2.1.1.4 Orthogonal Persistent Systems
Orthogonal persistence was applied to the presented prototype [Pereira & Perez- Schofield, 2010,2011, 2012, 2014a,b] and others implementations, which in some
cases were not totally compliant with the concept. PS-Algol [Atkinson et al.,
1983], PJama [Atkinson & Jordan, 1999], OPJ [Marquez et al., 2000], Visual Zero [Perez-Schofield et al.,2008], and Thor [Liskov et al.,1996], are examples of those systems.
In Grasshopper [Dearle et al.,1994], the file system and memory management components of the operating system were unified in order to provide a seamless orthogonal environment. Orthogonal persistence is provided by the operating system to the programming language.
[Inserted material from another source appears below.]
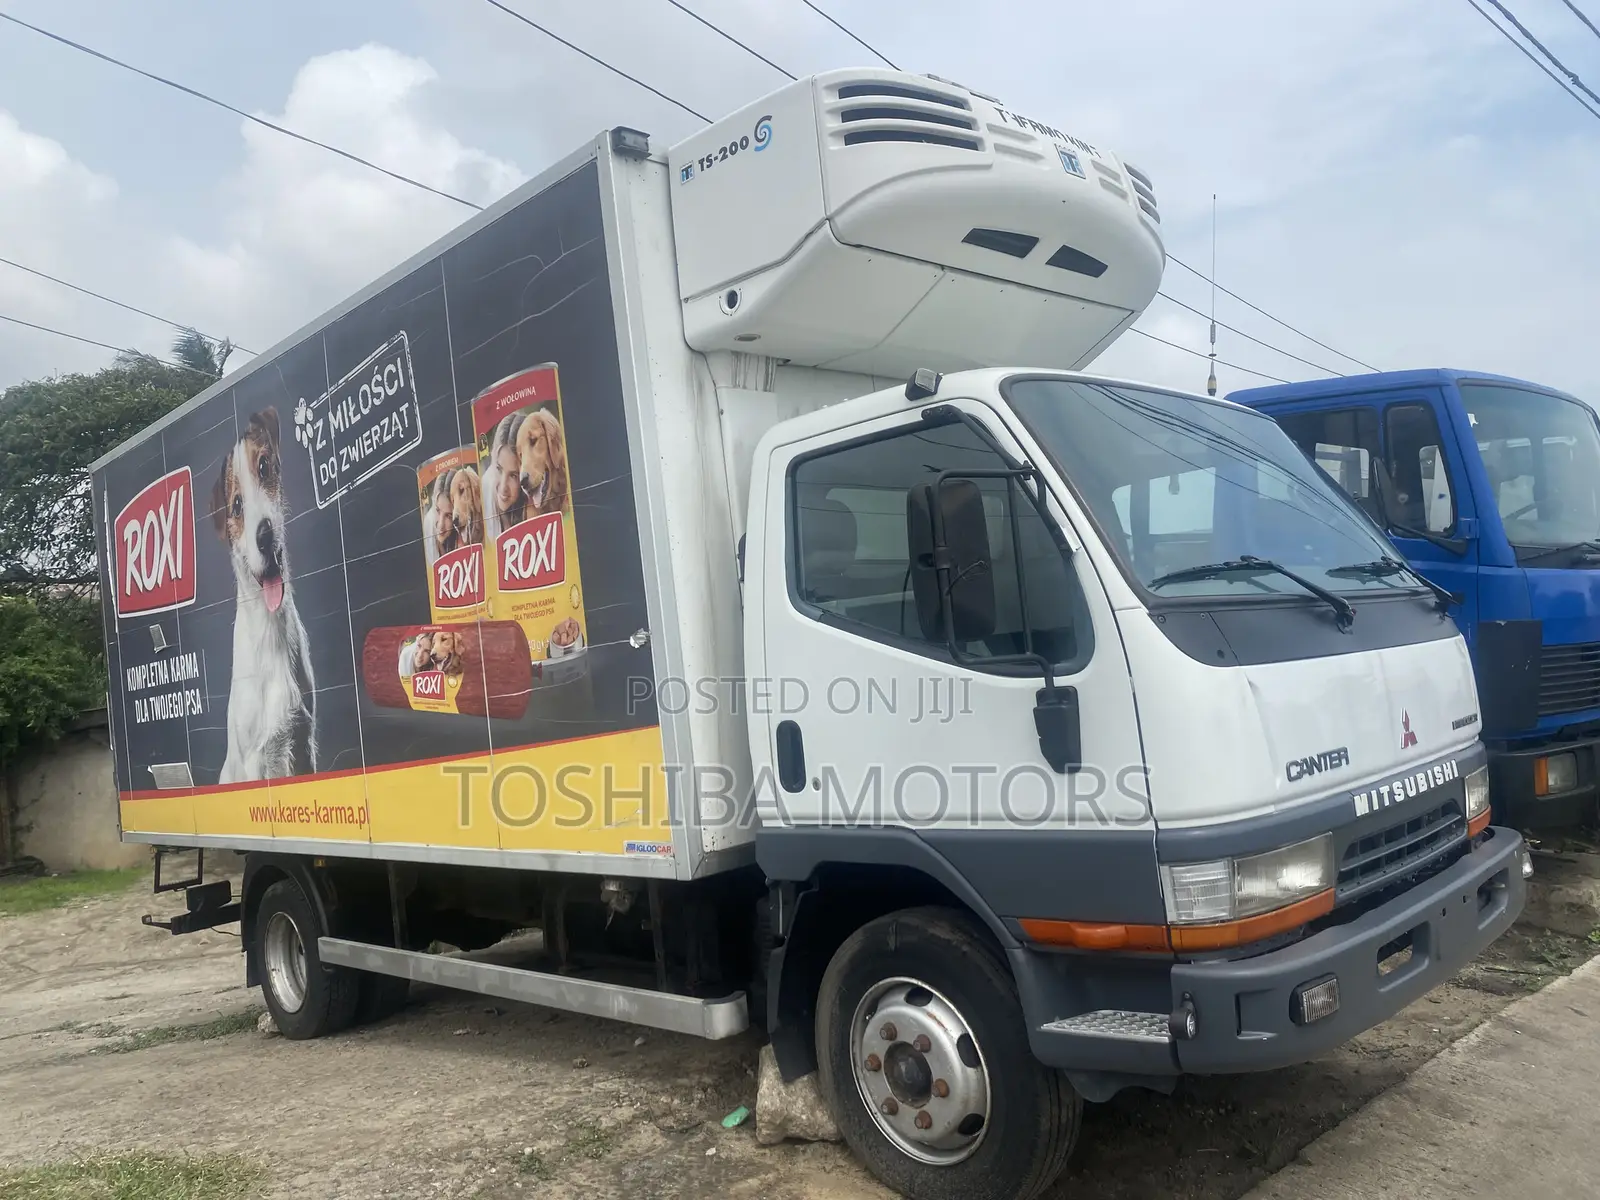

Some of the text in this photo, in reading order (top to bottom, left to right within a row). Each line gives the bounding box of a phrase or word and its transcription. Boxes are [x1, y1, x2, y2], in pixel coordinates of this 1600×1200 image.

The authors of this work argue that the approach overcomes the problems of implementing orthogonal persistence at the programming language level. Furthermore, this approach theoretically enables any programming language to provide orthogonal persistence. Following that direction, the authors of this work have ported the framework to several pro- gramming languages [Dearle et al.,1996].
Some object-oriented databases, as well some object-relational mapping tools, also implement some level of orthogonality.